Stored data: Begin
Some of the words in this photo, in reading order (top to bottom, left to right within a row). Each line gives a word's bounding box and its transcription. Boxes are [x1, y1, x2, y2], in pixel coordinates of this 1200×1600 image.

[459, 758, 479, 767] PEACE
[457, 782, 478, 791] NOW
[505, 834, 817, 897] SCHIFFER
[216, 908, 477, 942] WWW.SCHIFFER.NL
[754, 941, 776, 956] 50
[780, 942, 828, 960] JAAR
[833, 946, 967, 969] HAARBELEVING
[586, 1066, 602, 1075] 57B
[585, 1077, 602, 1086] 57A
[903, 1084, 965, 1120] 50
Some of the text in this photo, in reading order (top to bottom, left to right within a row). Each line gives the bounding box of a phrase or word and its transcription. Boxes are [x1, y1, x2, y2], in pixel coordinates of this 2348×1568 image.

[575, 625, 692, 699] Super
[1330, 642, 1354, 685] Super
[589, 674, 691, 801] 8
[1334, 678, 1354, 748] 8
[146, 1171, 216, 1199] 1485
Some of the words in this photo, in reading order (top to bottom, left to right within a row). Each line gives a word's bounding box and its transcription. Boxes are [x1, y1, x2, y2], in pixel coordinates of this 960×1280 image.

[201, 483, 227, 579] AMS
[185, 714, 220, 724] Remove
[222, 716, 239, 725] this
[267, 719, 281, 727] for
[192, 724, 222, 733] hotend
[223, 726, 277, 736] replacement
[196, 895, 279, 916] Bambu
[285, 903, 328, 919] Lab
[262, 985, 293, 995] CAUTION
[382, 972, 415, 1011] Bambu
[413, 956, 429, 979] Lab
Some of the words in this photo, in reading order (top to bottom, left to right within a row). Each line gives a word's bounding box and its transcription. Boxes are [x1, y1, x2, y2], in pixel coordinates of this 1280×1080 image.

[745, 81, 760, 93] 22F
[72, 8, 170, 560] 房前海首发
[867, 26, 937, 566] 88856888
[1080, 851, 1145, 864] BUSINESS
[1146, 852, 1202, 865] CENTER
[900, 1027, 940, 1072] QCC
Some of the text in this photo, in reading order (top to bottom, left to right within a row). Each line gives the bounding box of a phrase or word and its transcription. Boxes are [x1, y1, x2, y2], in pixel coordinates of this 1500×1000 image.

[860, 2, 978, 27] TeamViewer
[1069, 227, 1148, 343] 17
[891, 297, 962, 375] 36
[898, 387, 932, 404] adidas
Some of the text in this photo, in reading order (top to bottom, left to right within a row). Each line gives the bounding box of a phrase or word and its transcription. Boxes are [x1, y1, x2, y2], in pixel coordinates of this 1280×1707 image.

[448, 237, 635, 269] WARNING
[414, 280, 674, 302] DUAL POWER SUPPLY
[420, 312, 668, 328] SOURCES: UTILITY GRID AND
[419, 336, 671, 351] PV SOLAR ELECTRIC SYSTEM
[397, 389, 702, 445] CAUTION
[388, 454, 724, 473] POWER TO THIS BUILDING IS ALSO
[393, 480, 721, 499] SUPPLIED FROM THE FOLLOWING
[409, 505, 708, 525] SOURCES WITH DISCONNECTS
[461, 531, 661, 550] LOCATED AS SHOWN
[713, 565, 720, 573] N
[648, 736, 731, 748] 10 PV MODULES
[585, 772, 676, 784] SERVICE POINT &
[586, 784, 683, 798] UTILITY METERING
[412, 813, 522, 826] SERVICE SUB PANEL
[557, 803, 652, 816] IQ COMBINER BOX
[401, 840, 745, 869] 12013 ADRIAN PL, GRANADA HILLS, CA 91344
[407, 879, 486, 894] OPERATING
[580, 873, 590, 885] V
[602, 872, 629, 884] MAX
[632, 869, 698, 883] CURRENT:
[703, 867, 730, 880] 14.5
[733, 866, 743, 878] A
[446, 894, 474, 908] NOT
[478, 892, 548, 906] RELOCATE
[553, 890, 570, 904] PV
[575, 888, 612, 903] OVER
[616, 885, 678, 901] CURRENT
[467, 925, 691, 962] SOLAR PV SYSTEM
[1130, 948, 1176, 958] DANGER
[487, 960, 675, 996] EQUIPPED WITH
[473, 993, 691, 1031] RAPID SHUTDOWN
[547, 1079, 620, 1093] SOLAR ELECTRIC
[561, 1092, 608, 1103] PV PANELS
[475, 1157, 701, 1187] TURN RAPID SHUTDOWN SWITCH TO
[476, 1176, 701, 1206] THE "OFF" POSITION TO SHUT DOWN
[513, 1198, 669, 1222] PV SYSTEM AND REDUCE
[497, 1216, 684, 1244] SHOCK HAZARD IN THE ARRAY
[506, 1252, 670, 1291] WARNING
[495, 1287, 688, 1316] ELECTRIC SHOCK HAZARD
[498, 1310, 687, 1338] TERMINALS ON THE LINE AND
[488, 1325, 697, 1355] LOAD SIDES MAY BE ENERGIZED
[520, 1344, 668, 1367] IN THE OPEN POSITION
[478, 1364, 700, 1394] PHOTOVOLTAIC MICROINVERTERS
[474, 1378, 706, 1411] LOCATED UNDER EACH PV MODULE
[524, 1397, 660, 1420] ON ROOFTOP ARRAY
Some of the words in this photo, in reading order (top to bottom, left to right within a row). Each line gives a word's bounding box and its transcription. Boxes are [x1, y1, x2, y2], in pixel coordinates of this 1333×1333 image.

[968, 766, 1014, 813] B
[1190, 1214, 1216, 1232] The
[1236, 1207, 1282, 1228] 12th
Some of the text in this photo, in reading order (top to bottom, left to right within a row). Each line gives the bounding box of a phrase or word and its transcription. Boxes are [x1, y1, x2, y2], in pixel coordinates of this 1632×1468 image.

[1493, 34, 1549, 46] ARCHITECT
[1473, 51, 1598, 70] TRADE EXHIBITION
Stored data: End
__What you should do__: All the data above should be restated in full, exactly.

__Result below__:
Some of the words in this photo, in reading order (top to bottom, left to right within a row). Each line gives a word's bounding box and its transcription. Boxes are [x1, y1, x2, y2], in pixel coordinates of this 1200×1600 image.

[459, 758, 479, 767] PEACE
[457, 782, 478, 791] NOW
[505, 834, 817, 897] SCHIFFER
[216, 908, 477, 942] WWW.SCHIFFER.NL
[754, 941, 776, 956] 50
[780, 942, 828, 960] JAAR
[833, 946, 967, 969] HAARBELEVING
[586, 1066, 602, 1075] 57B
[585, 1077, 602, 1086] 57A
[903, 1084, 965, 1120] 50
Some of the text in this photo, in reading order (top to bottom, left to right within a row). Each line gives the bounding box of a phrase or word and its transcription. Boxes are [x1, y1, x2, y2], in pixel coordinates of this 2348×1568 image.

[575, 625, 692, 699] Super
[1330, 642, 1354, 685] Super
[589, 674, 691, 801] 8
[1334, 678, 1354, 748] 8
[146, 1171, 216, 1199] 1485
Some of the words in this photo, in reading order (top to bottom, left to right within a row). Each line gives a word's bounding box and its transcription. Boxes are [x1, y1, x2, y2], in pixel coordinates of this 960×1280 image.

[201, 483, 227, 579] AMS
[185, 714, 220, 724] Remove
[222, 716, 239, 725] this
[267, 719, 281, 727] for
[192, 724, 222, 733] hotend
[223, 726, 277, 736] replacement
[196, 895, 279, 916] Bambu
[285, 903, 328, 919] Lab
[262, 985, 293, 995] CAUTION
[382, 972, 415, 1011] Bambu
[413, 956, 429, 979] Lab
Some of the words in this photo, in reading order (top to bottom, left to right within a row). Each line gives a word's bounding box and its transcription. Boxes are [x1, y1, x2, y2], in pixel coordinates of this 1280×1080 image.

[745, 81, 760, 93] 22F
[72, 8, 170, 560] 房前海首发
[867, 26, 937, 566] 88856888
[1080, 851, 1145, 864] BUSINESS
[1146, 852, 1202, 865] CENTER
[900, 1027, 940, 1072] QCC
Some of the text in this photo, in reading order (top to bottom, left to right within a row). Each line gives the bounding box of a phrase or word and its transcription. Boxes are [x1, y1, x2, y2], in pixel coordinates of this 1500×1000 image.

[860, 2, 978, 27] TeamViewer
[1069, 227, 1148, 343] 17
[891, 297, 962, 375] 36
[898, 387, 932, 404] adidas
Some of the text in this photo, in reading order (top to bottom, left to right within a row). Each line gives the bounding box of a phrase or word and its transcription. Boxes are [x1, y1, x2, y2], in pixel coordinates of this 1280×1707 image.

[448, 237, 635, 269] WARNING
[414, 280, 674, 302] DUAL POWER SUPPLY
[420, 312, 668, 328] SOURCES: UTILITY GRID AND
[419, 336, 671, 351] PV SOLAR ELECTRIC SYSTEM
[397, 389, 702, 445] CAUTION
[388, 454, 724, 473] POWER TO THIS BUILDING IS ALSO
[393, 480, 721, 499] SUPPLIED FROM THE FOLLOWING
[409, 505, 708, 525] SOURCES WITH DISCONNECTS
[461, 531, 661, 550] LOCATED AS SHOWN
[713, 565, 720, 573] N
[648, 736, 731, 748] 10 PV MODULES
[585, 772, 676, 784] SERVICE POINT &
[586, 784, 683, 798] UTILITY METERING
[412, 813, 522, 826] SERVICE SUB PANEL
[557, 803, 652, 816] IQ COMBINER BOX
[401, 840, 745, 869] 12013 ADRIAN PL, GRANADA HILLS, CA 91344
[407, 879, 486, 894] OPERATING
[580, 873, 590, 885] V
[602, 872, 629, 884] MAX
[632, 869, 698, 883] CURRENT:
[703, 867, 730, 880] 14.5
[733, 866, 743, 878] A
[446, 894, 474, 908] NOT
[478, 892, 548, 906] RELOCATE
[553, 890, 570, 904] PV
[575, 888, 612, 903] OVER
[616, 885, 678, 901] CURRENT
[467, 925, 691, 962] SOLAR PV SYSTEM
[1130, 948, 1176, 958] DANGER
[487, 960, 675, 996] EQUIPPED WITH
[473, 993, 691, 1031] RAPID SHUTDOWN
[547, 1079, 620, 1093] SOLAR ELECTRIC
[561, 1092, 608, 1103] PV PANELS
[475, 1157, 701, 1187] TURN RAPID SHUTDOWN SWITCH TO
[476, 1176, 701, 1206] THE "OFF" POSITION TO SHUT DOWN
[513, 1198, 669, 1222] PV SYSTEM AND REDUCE
[497, 1216, 684, 1244] SHOCK HAZARD IN THE ARRAY
[506, 1252, 670, 1291] WARNING
[495, 1287, 688, 1316] ELECTRIC SHOCK HAZARD
[498, 1310, 687, 1338] TERMINALS ON THE LINE AND
[488, 1325, 697, 1355] LOAD SIDES MAY BE ENERGIZED
[520, 1344, 668, 1367] IN THE OPEN POSITION
[478, 1364, 700, 1394] PHOTOVOLTAIC MICROINVERTERS
[474, 1378, 706, 1411] LOCATED UNDER EACH PV MODULE
[524, 1397, 660, 1420] ON ROOFTOP ARRAY
Some of the words in this photo, in reading order (top to bottom, left to right within a row). Each line gives a word's bounding box and its transcription. Boxes are [x1, y1, x2, y2], in pixel coordinates of this 1333×1333 image.

[968, 766, 1014, 813] B
[1190, 1214, 1216, 1232] The
[1236, 1207, 1282, 1228] 12th
Some of the text in this photo, in reading order (top to bottom, left to right within a row). Each line gives the bounding box of a phrase or word and its transcription. Boxes are [x1, y1, x2, y2], in pixel coordinates of this 1632×1468 image.

[1493, 34, 1549, 46] ARCHITECT
[1473, 51, 1598, 70] TRADE EXHIBITION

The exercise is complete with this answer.